Texte établi par J.-R. Constantineau (p. 5-Im1).


PRÉFACE



À mon Affectionné,


Jeune encore, mais courageuse et fière, je viens déposer à tes pieds, cette modeste gerbe de fleurs, épanouies sous les soins particuliers que par amour, je leur ai prodigués, dans l’espoir de te ramener à la joie, au bonheur.

Bien des fois, impressionnée de ton malheur, convaincue de ton innocence, indignée de l’indifférence de ceux qui te devaient, et par devoir et par reconnaissance, le plus sincère et cordial appui, j’ai essayé de te défendre, j’ai essayé de t’être utile, d’adoucir tes peines et les douleurs morales qui te déchiraient le cœur ; bien des fois, j’ai fait appel à tous les sentiments de mon âme pour ne pas me sentir découragée. Comme au soldat au champ d’honneur, il m’a fallu la bravoure et le sang-froid ; comme à la suffragette, il m’a fallu la ténacité et la persévérance ; comme l’avocat, j’ai dû avoir recours, à de multiples arguments ; il m’a fallu dis-je, faire usage de tout ce que mon talent inventif pouvait me suggérer ; tout cela, je l’ai fait, en dépit d’amis qui te trahissaient, en dépit de certaines gens qui dans l’espoir de recouvrer des piastres perdues par la baisse, sur les valeurs immobilières, ne se faisaient pas scrupule d’oser attaquer l’honneur de celui, que j’adorais, pour sa noblesse de sentiments — toi — mon affectionné !
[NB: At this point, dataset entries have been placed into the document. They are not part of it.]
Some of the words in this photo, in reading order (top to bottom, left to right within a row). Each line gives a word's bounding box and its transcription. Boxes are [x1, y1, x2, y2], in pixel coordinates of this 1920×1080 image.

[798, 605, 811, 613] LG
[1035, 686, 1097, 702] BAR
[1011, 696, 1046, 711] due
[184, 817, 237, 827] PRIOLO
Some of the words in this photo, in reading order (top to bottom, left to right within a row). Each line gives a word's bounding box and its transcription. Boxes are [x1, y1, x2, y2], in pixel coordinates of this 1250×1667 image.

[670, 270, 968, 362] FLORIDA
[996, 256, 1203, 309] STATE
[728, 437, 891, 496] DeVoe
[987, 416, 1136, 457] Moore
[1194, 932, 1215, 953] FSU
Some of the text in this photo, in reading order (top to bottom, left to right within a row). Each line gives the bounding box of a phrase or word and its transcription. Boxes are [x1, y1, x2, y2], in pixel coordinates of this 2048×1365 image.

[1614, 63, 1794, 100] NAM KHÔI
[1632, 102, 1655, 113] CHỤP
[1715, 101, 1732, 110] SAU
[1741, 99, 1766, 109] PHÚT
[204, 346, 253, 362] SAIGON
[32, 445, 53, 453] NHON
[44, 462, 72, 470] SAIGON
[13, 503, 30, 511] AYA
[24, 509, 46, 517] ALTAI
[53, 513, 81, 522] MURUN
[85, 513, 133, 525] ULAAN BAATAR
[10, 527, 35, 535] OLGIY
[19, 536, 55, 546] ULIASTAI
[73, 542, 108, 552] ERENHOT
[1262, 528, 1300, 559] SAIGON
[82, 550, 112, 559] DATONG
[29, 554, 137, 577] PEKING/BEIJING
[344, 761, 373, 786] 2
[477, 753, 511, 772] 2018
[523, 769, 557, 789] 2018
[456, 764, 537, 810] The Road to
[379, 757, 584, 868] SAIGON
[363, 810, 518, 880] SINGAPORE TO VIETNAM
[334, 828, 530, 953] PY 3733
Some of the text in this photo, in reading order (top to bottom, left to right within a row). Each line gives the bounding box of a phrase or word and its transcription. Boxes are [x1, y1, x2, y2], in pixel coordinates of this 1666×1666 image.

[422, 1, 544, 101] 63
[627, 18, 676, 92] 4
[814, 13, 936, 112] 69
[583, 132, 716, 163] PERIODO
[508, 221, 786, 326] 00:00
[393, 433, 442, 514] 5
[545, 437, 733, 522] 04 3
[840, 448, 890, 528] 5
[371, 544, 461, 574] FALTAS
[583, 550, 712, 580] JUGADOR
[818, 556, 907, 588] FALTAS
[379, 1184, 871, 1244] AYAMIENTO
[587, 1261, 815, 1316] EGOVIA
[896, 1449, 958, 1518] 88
La pitié qui n’agit pas, est une pitié stérile ; j’ai eu la volonté d’exécuter mes desseins ; je ne le regrette pas.

Je me rappelais alors, toutes tes paroles, toutes tes marques d’intérêt et de sympathie pour mon avenir ; j’avais présentes, à l’esprit, ces déclarations que tu me faisais, par un soir d’automne, et que je pourrais résumer par ces pensées de la Comtesse Mathieu de Noailles :


Il fera longtemps clair, ce soir, les jours allongent,
La rumeur du jour vif se disperse et s’enfuit,
Et les arbres surpris de ne pas voir la nuit,
Demeurent éveillés dans le ciel blanc, et songent…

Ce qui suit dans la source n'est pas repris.